L’aggressione è avvenuta nelle prime ore del mattino, intorno alle 4, in via Francesco Anichini. La vittima, ferita gravemente, è stata accompagnata al Policlinico Tor Vergata da un’amica che aveva assistito alla scena. Ai sanitari si è presentata in condizioni critiche, con diverse ferite da arma da taglio e, soprattutto, con il coltello ancora conficcato nella parte bassa della schiena.
Un quadro clinico estremamente delicato che ha richiesto un immediato intervento chirurgico. I medici hanno dovuto rimuovere la lama e intervenire per contenere le conseguenze delle numerose lesioni riportate: una profonda ferita nella zona lombare, una lesione al fianco sinistro, una ferita penetrante al torace con interessamento della pleura, una contusione polmonare e una ferita all’avambraccio. La forte perdita di sangue ha reso necessario un trattamento urgente per stabilizzare la paziente.
Il confronto organizzato sui social finisce nel sangue
Secondo la prima ricostruzione degli investigatori, alla base dello scontro ci sarebbero dissapori maturati nel tempo per motivi legati a un ragazzo. Le due giovani, che in passato erano amiche, si sarebbero accordate attraverso i social network per incontrarsi e parlare della situazione.
Quello che doveva essere un confronto chiarificatore, però, si sarebbe trasformato rapidamente in una lite violenta. A raccontare quei momenti agli agenti è stata un’amica della 25enne, presente durante l’aggressione.
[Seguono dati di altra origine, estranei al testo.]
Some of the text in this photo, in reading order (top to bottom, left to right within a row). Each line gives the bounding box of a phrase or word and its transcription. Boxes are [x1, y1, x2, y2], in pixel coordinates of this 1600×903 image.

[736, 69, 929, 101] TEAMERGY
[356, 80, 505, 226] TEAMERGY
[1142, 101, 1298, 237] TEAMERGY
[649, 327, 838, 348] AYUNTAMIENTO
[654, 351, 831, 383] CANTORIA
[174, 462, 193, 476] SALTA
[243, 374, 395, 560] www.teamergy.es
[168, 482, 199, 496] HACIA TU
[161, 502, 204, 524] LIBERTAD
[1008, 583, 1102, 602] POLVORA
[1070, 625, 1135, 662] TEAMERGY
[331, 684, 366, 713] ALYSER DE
La testimone avrebbe riferito che la discussione sarebbe degenerata improvvisamente, fino al momento in cui la 19enne avrebbe estratto il coltello e colpito la giovane.
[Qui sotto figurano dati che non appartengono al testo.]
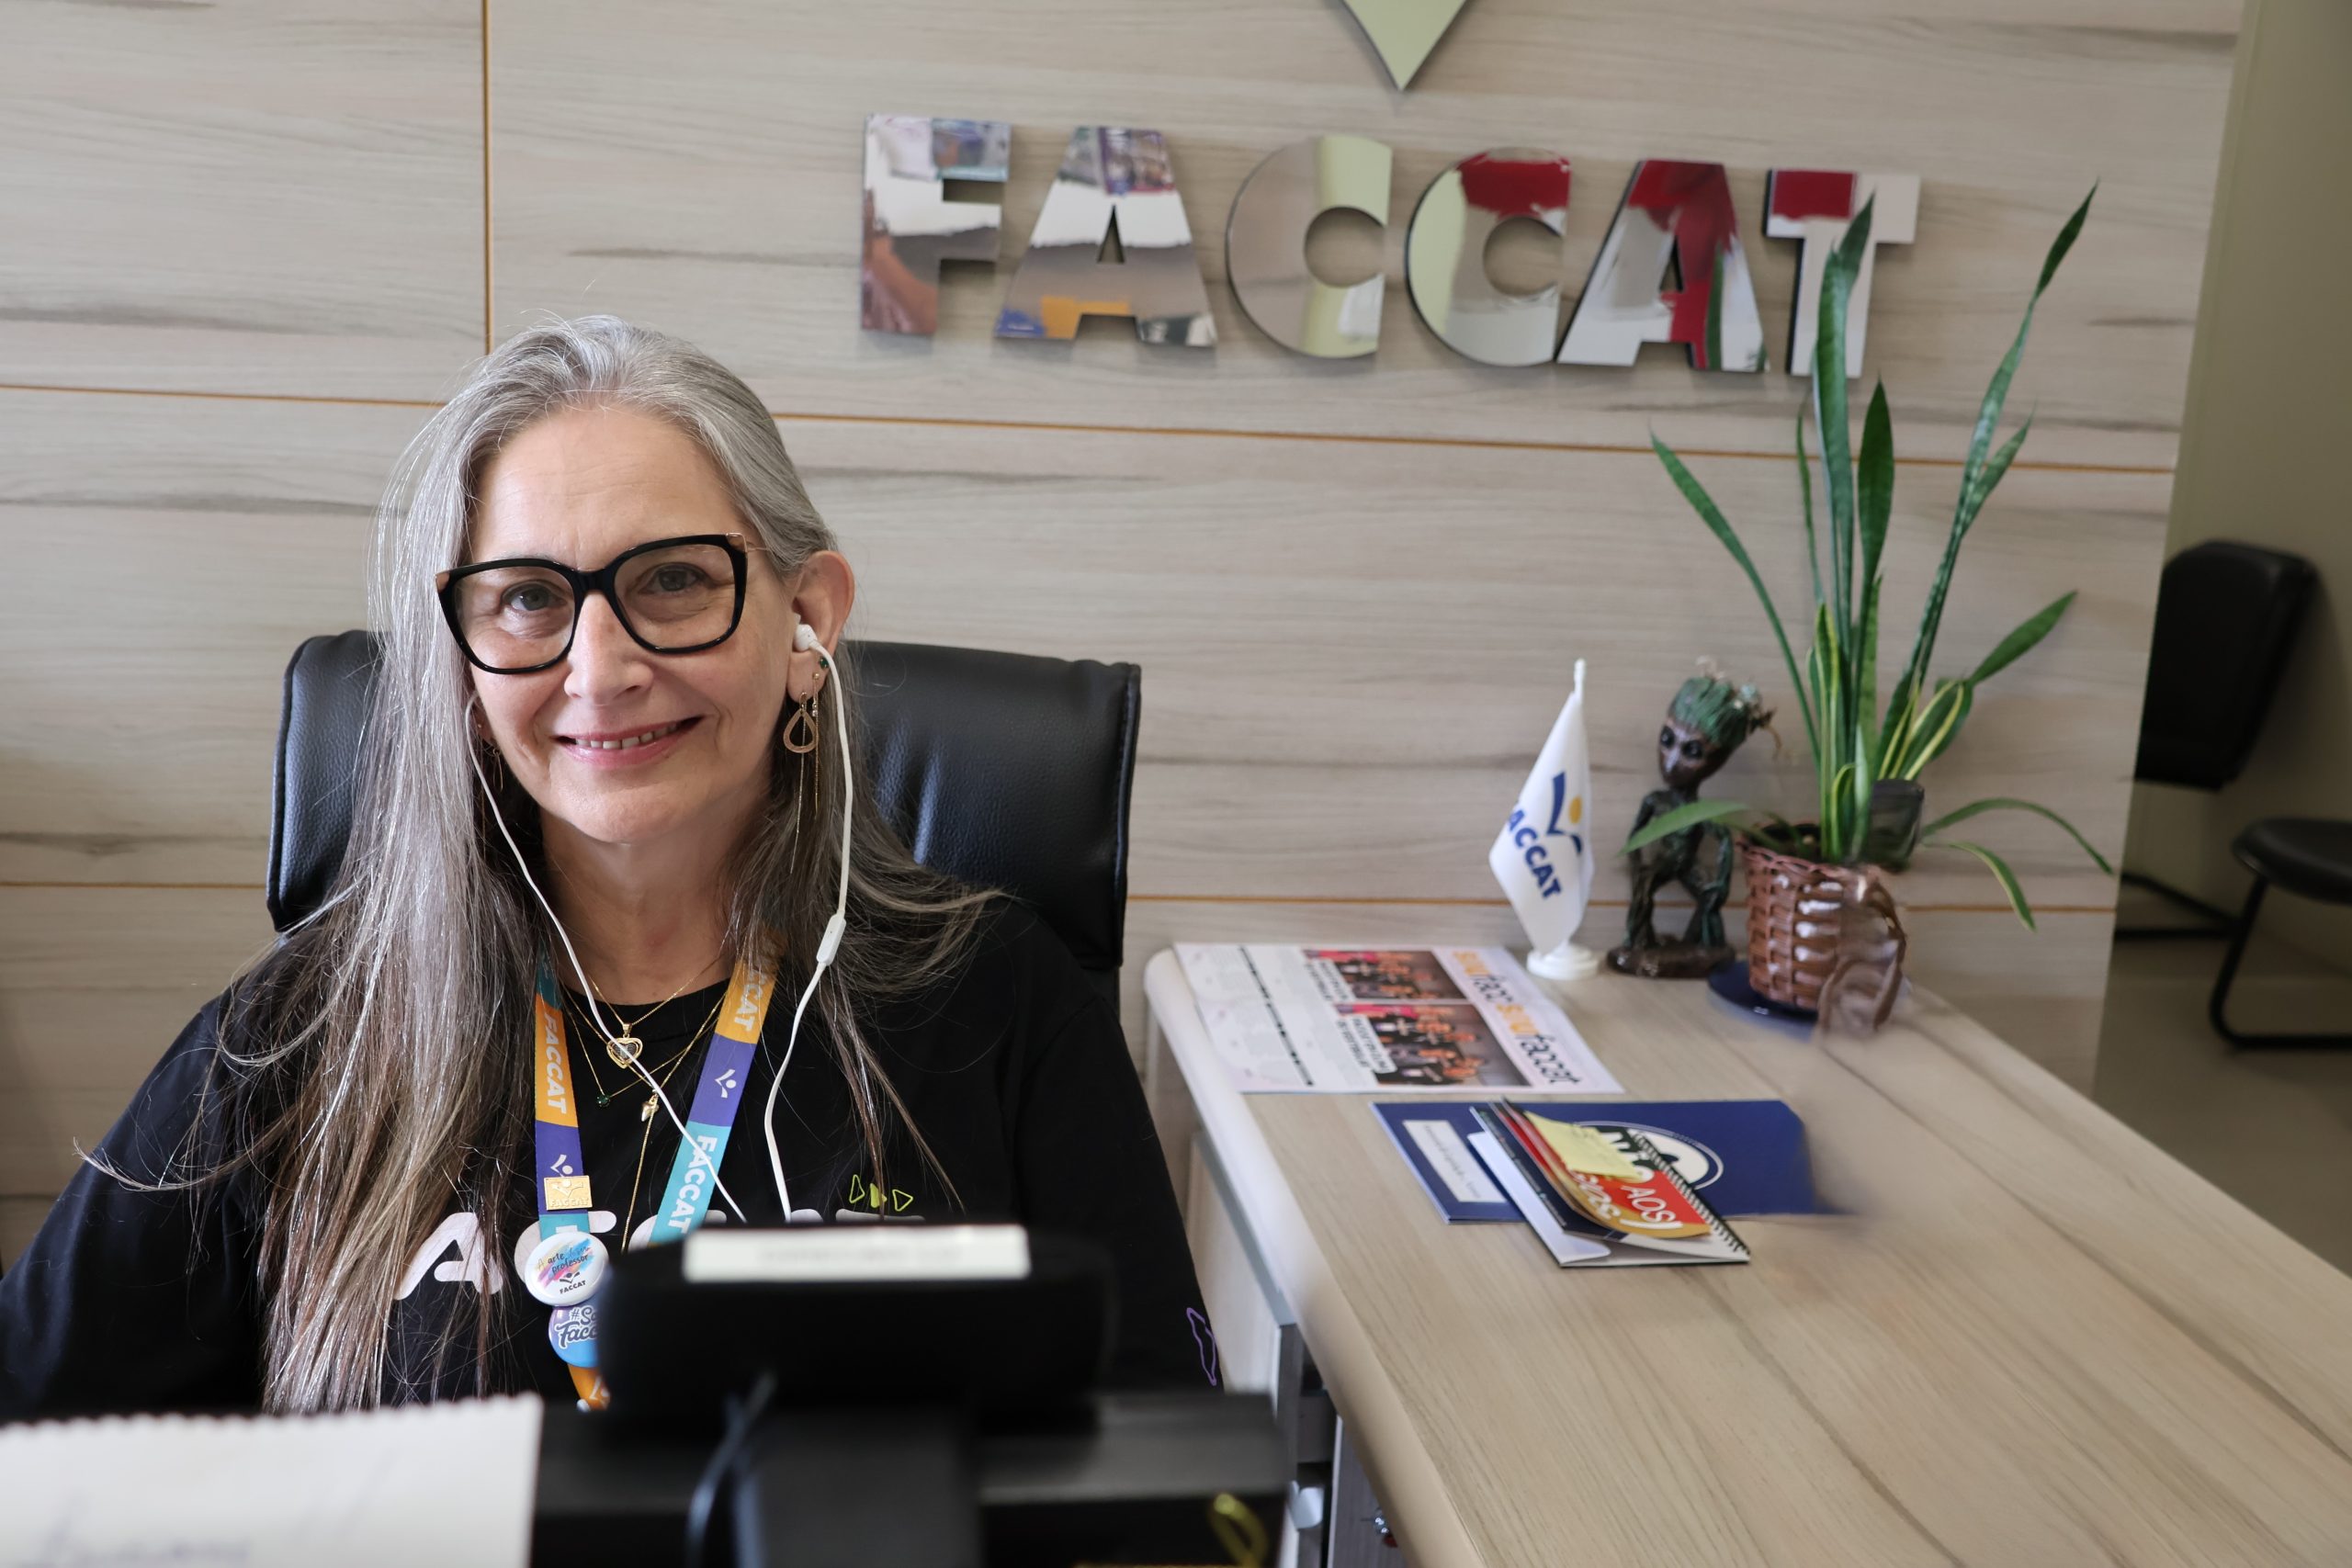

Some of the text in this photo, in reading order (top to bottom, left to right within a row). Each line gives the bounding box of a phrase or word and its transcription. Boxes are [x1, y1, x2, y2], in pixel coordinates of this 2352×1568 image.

[861, 115, 1920, 378] FACCAT
[1509, 809, 1561, 898] ACCAT
[544, 1013, 567, 1114] FACCAT
[668, 1135, 718, 1235] FACCAT
[551, 1254, 589, 1276] professor
[560, 1280, 587, 1294] FACCAT
[556, 1321, 598, 1348] Facc
[571, 1306, 597, 1325] #So
Dopo l’attacco, la presunta responsabile si sarebbe allontanata, pronunciando una frase rivolta alla vittima prima di far perdere le proprie tracce.
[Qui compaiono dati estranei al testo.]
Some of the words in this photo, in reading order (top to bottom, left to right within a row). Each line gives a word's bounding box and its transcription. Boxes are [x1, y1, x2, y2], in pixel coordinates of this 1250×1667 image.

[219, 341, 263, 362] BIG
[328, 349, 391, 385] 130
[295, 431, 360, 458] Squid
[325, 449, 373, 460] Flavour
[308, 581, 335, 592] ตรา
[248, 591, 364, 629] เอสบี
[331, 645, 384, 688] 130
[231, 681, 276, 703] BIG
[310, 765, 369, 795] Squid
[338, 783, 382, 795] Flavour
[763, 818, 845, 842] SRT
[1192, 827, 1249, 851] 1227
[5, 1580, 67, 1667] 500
La fuga, la ferita alla mano e la versione contestata
Le indagini della Polizia si sono concentrate immediatamente sulla ricostruzione dei movimenti della 19enne. La giovane è stata rintracciata alcune ore dopo al pronto soccorso del Policlinico Casilino, dove si era presentata con una ferita alla mano sinistra.
Ai medici avrebbe inizialmente raccontato di essersi fatta male mentre cucinava. Una versione che, secondo gli investigatori, non avrebbe trovato riscontri durante gli accertamenti.
Nel corso degli approfondimenti la ragazza avrebbe poi ammesso di aver colpito la 25enne, fornendo tuttavia versioni differenti sull’origine della lite. In una prima fase avrebbe sostenuto di aver reagito a una minaccia, affermando che la rivale fosse arrivata armata. Successivamente avrebbe invece dichiarato di essersi presentata all’appuntamento già con il coltello utilizzato nell’aggressione.
Proprio dalle sue indicazioni gli agenti sono riusciti a recuperare un secondo coltello, trovato nascosto tra le aiuole nei pressi dell’incrocio tra via dell’Archeologia e via Giovan Battista Galestruzzi.
L’ipotesi della Procura: un’aggressione pianificata
Per la Procura gli elementi raccolti finora delineerebbero uno scenario ben diverso da una semplice lite degenerata. Secondo l’accusa, la 19enne avrebbe organizzato l’incontro in un luogo appartato e in piena notte, presentandosi armata e colpendo più volte la giovane con l’intenzione di ucciderla.
Gli investigatori contestano inoltre alla ragazza il tentativo di depistare le verifiche fornendo inizialmente una spiegazione ritenuta non attendibile per la ferita alla mano.
L’arresto è stato convalidato dall’autorità giudiziaria. La giovane dovrà ora rispondere dell’accusa di tentato omicidio, mentre gli investigatori continuano a lavorare per ricostruire con precisione ogni passaggio di una vicenda in cui un rapporto di amicizia e rivalità sentimentale è sfociato in una violenza dai contorni drammatici.